┌──

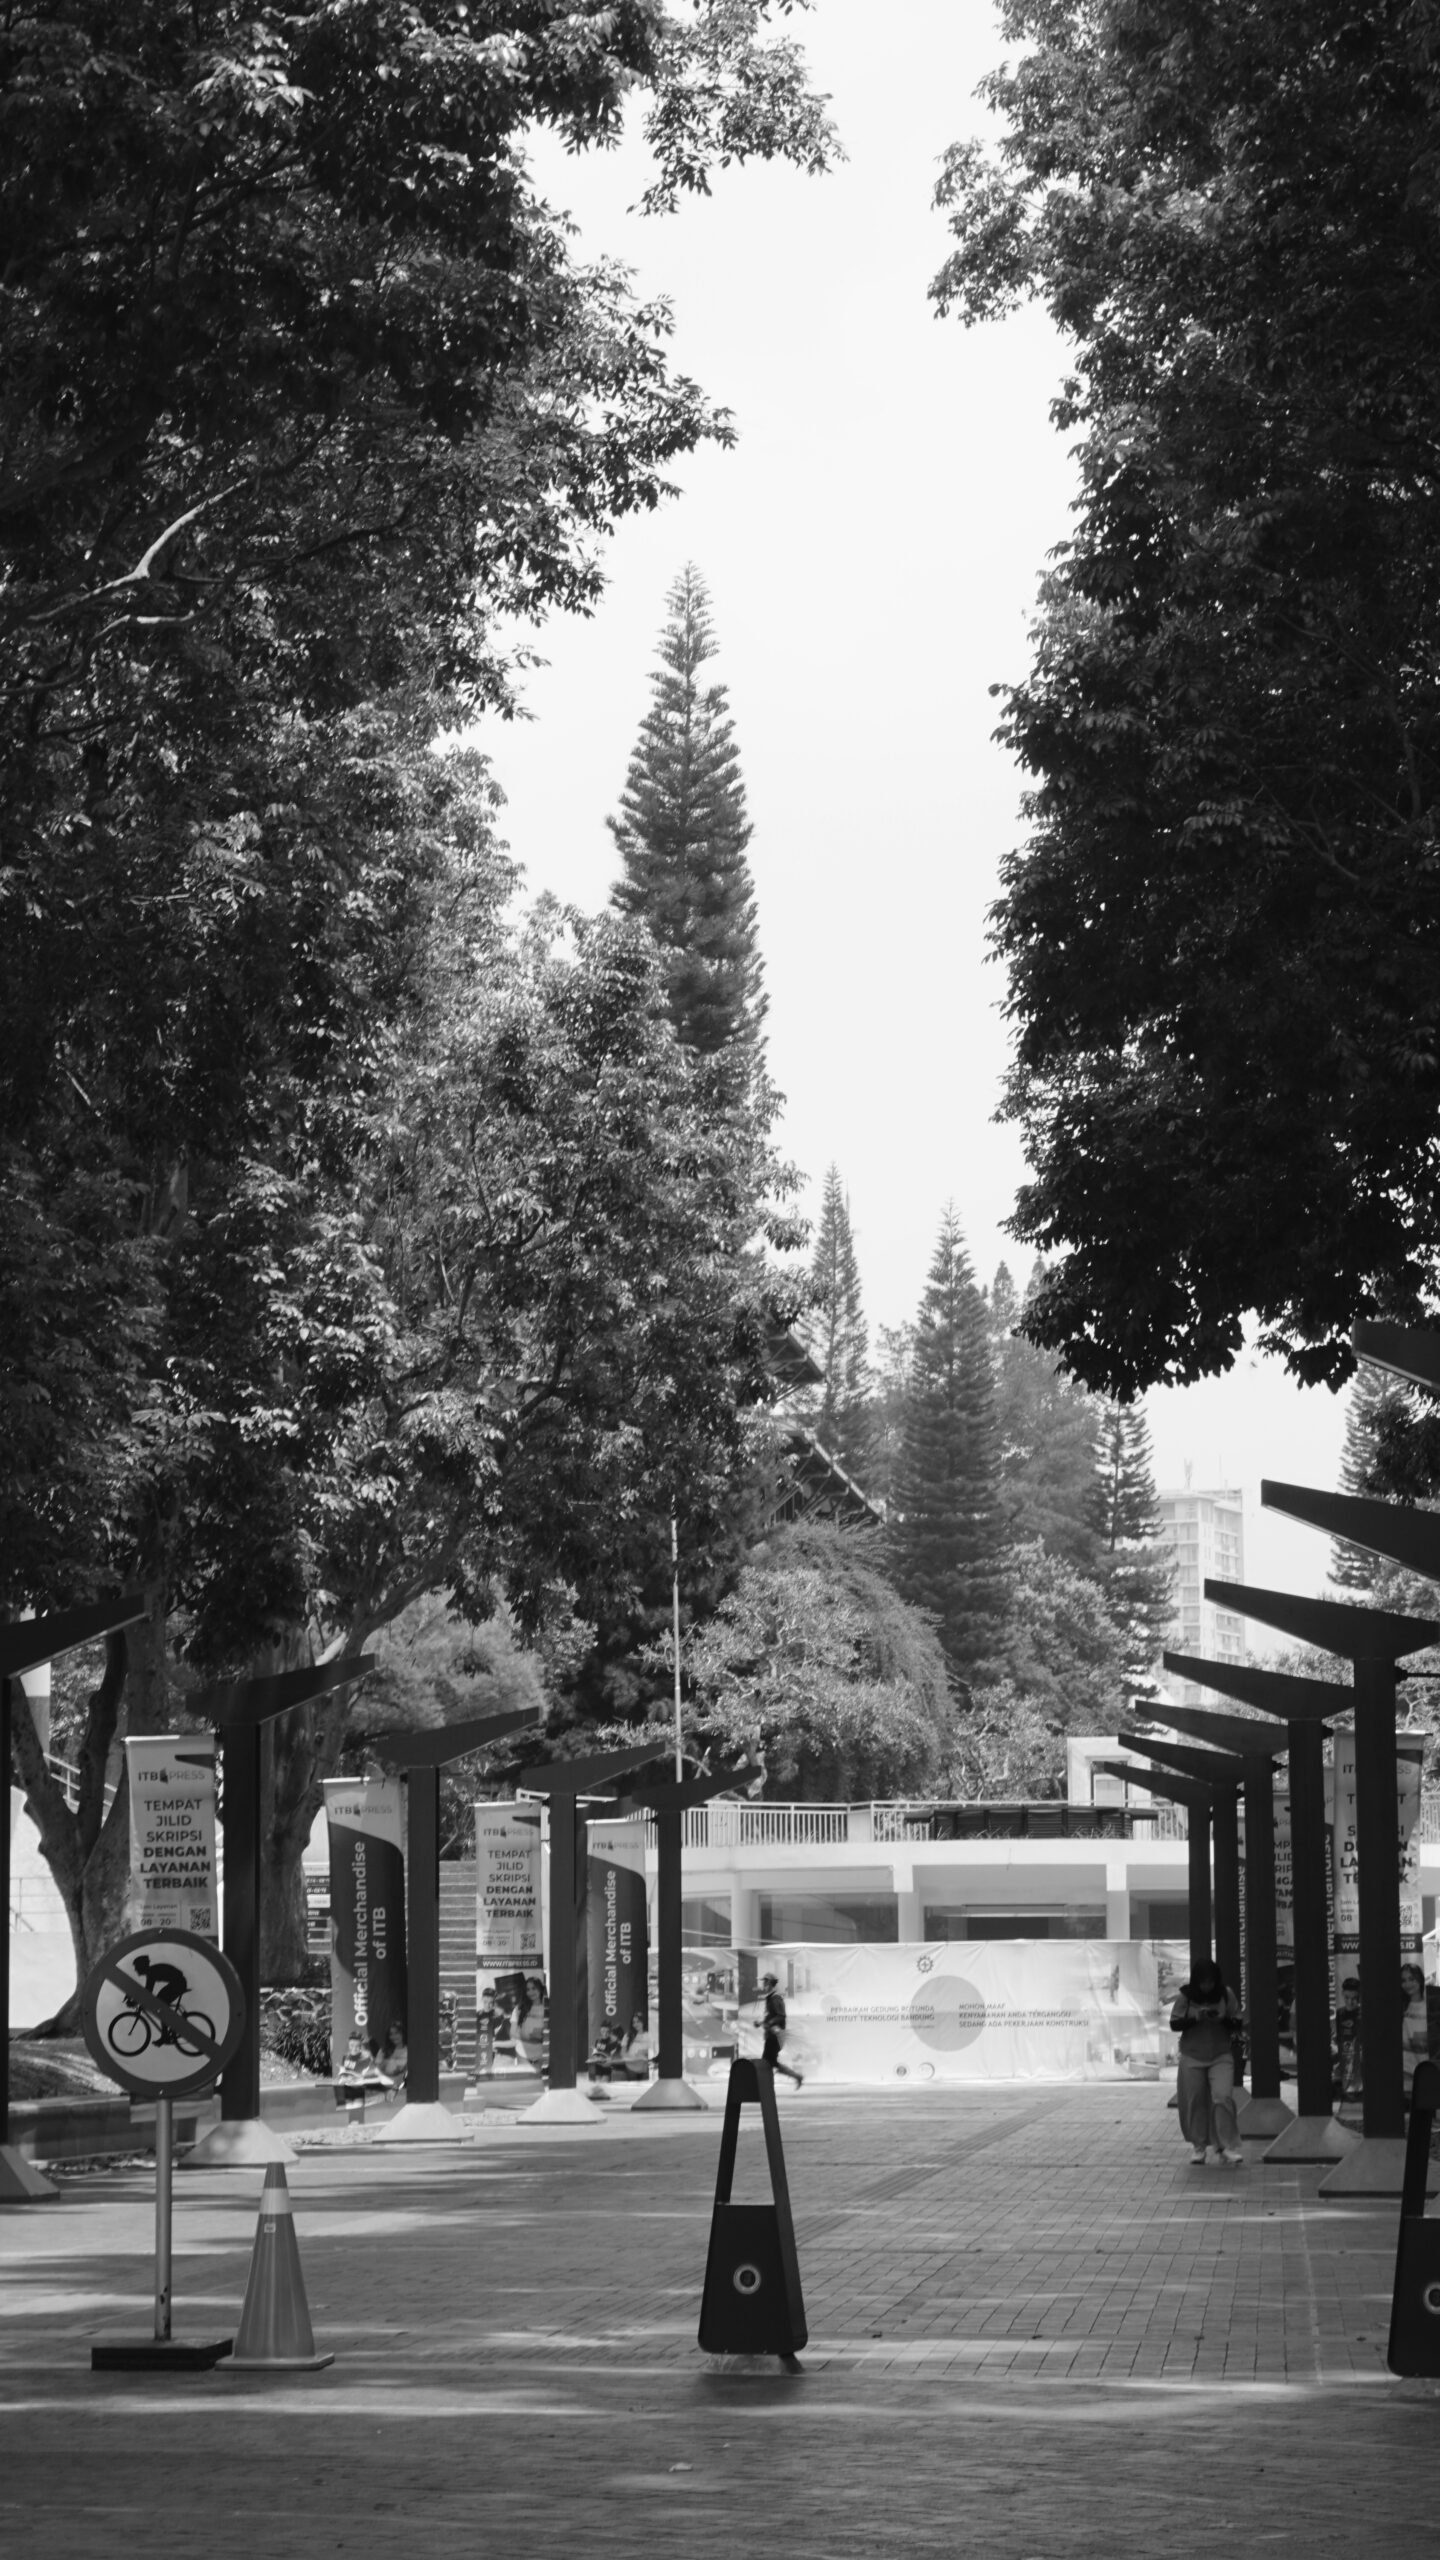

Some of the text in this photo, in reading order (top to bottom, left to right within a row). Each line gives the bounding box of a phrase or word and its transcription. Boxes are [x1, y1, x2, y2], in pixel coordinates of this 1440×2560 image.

[137, 1769, 206, 1781] ITB PRESS
[144, 1799, 202, 1811] TEMPAT
[334, 1807, 353, 1815] ITB
[155, 1814, 192, 1827] JILID
[146, 1830, 202, 1842] SKRIPSI
[143, 1845, 207, 1858] DENGAN
[488, 1849, 531, 1859] TEMPAT
[139, 1861, 211, 1873] LAYANAN
[496, 1862, 524, 1871] JILID
[143, 1877, 208, 1889] TERBAIK
[488, 1873, 530, 1882] SKRIPSI
[486, 1885, 533, 1895] DENGAN
[483, 1897, 536, 1906] LAYANAN
[485, 1909, 534, 1918] TERBAIK
[351, 1841, 369, 2027] Official Merchandise
[372, 1906, 387, 1960] of ITB
[604, 1870, 617, 2017] Official Merchandise
[619, 1921, 632, 1965] of ITB
[830, 2004, 935, 2014] PERBAIKAN GEDUNG ROTUNDA
[1007, 2010, 1027, 2018] ANDA
[1028, 2010, 1071, 2018] TERGANGGU
[860, 2014, 899, 2022] TEKNOLOGI
[900, 2013, 935, 2021] BANDUNG
[958, 2020, 986, 2028] SEDANG
[1046, 2019, 1089, 2027] KONSTRUKSI
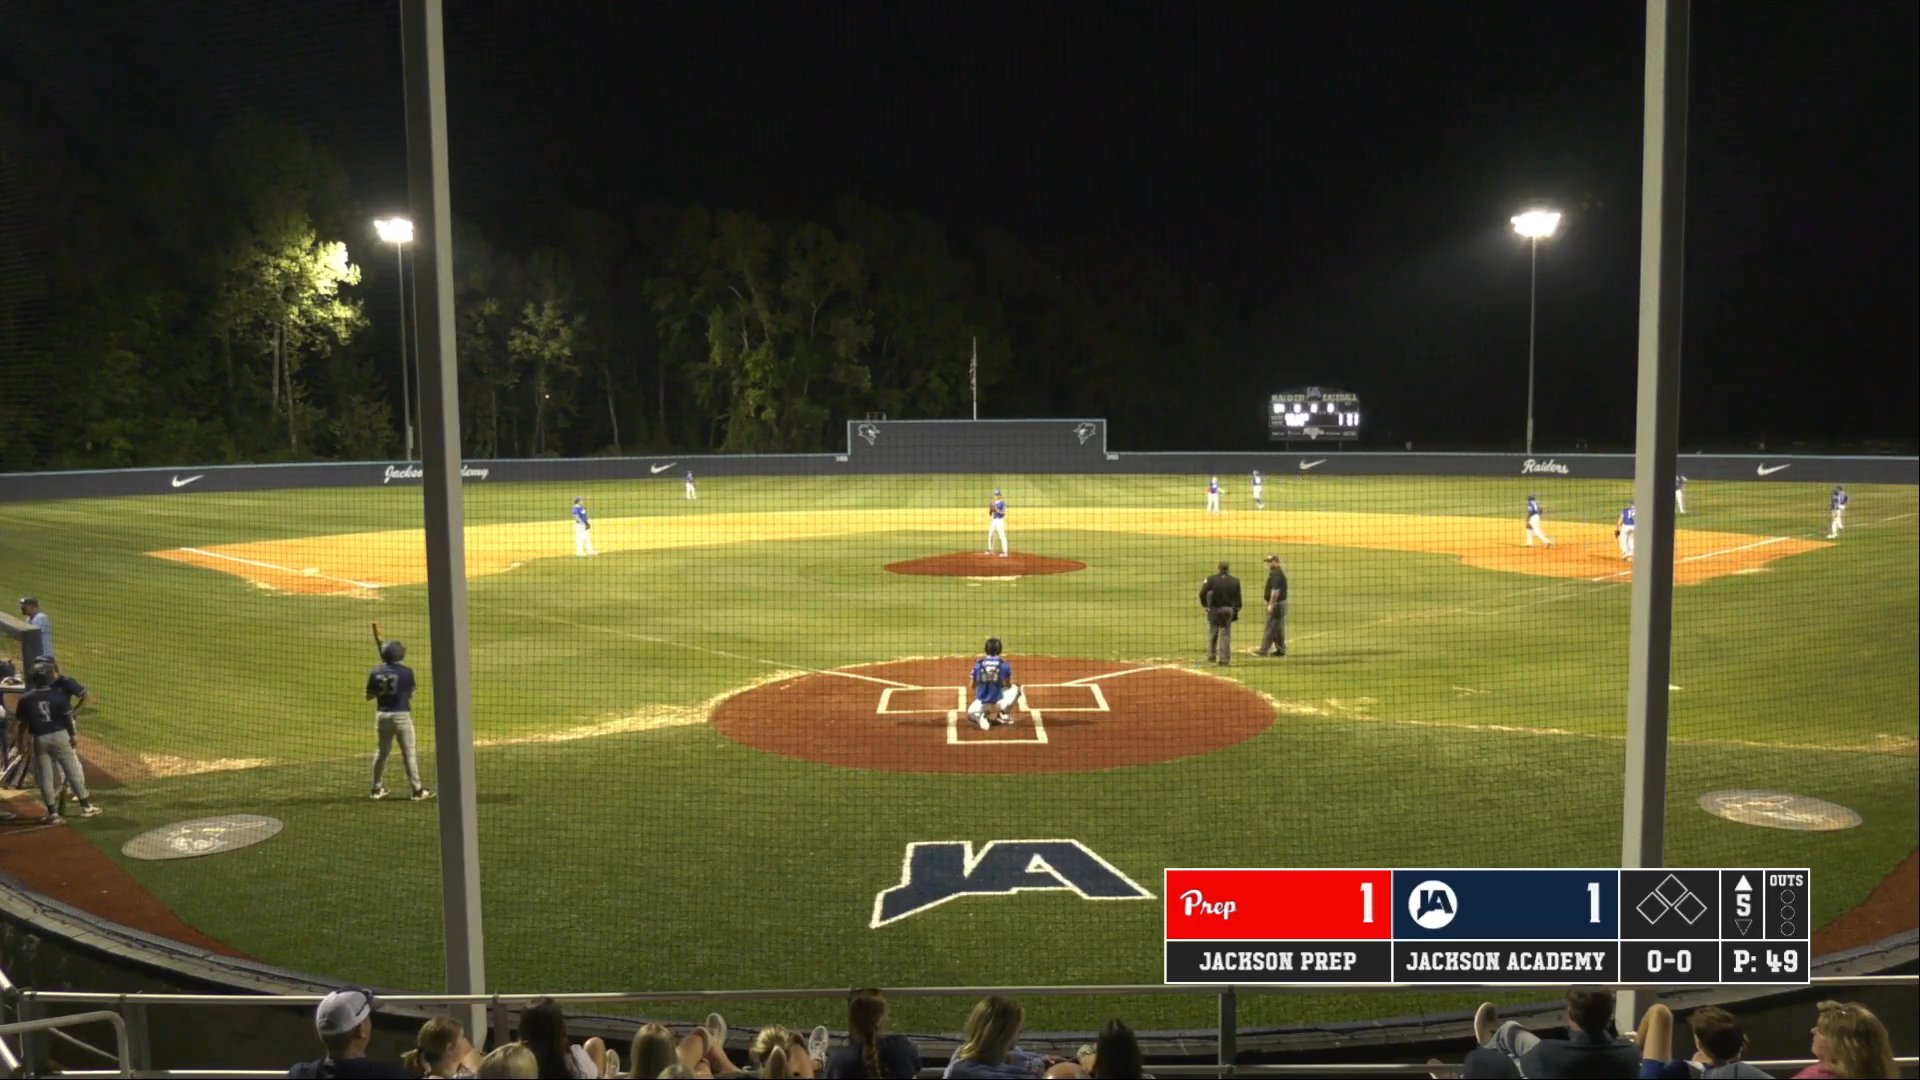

└──

● **Exercise details**
Give back all of the entries verbatim, but without pictures.

● **Answer to the problem**
Some of the text in this photo, in reading order (top to bottom, left to right within a row). Each line gives the bounding box of a phrase or word and its transcription. Boxes are [x1, y1, x2, y2], in pixel coordinates of this 1440×2560 image.

[137, 1769, 206, 1781] ITB PRESS
[144, 1799, 202, 1811] TEMPAT
[334, 1807, 353, 1815] ITB
[155, 1814, 192, 1827] JILID
[146, 1830, 202, 1842] SKRIPSI
[143, 1845, 207, 1858] DENGAN
[488, 1849, 531, 1859] TEMPAT
[139, 1861, 211, 1873] LAYANAN
[496, 1862, 524, 1871] JILID
[143, 1877, 208, 1889] TERBAIK
[488, 1873, 530, 1882] SKRIPSI
[486, 1885, 533, 1895] DENGAN
[483, 1897, 536, 1906] LAYANAN
[485, 1909, 534, 1918] TERBAIK
[351, 1841, 369, 2027] Official Merchandise
[372, 1906, 387, 1960] of ITB
[604, 1870, 617, 2017] Official Merchandise
[619, 1921, 632, 1965] of ITB
[830, 2004, 935, 2014] PERBAIKAN GEDUNG ROTUNDA
[1007, 2010, 1027, 2018] ANDA
[1028, 2010, 1071, 2018] TERGANGGU
[860, 2014, 899, 2022] TEKNOLOGI
[900, 2013, 935, 2021] BANDUNG
[958, 2020, 986, 2028] SEDANG
[1046, 2019, 1089, 2027] KONSTRUKSI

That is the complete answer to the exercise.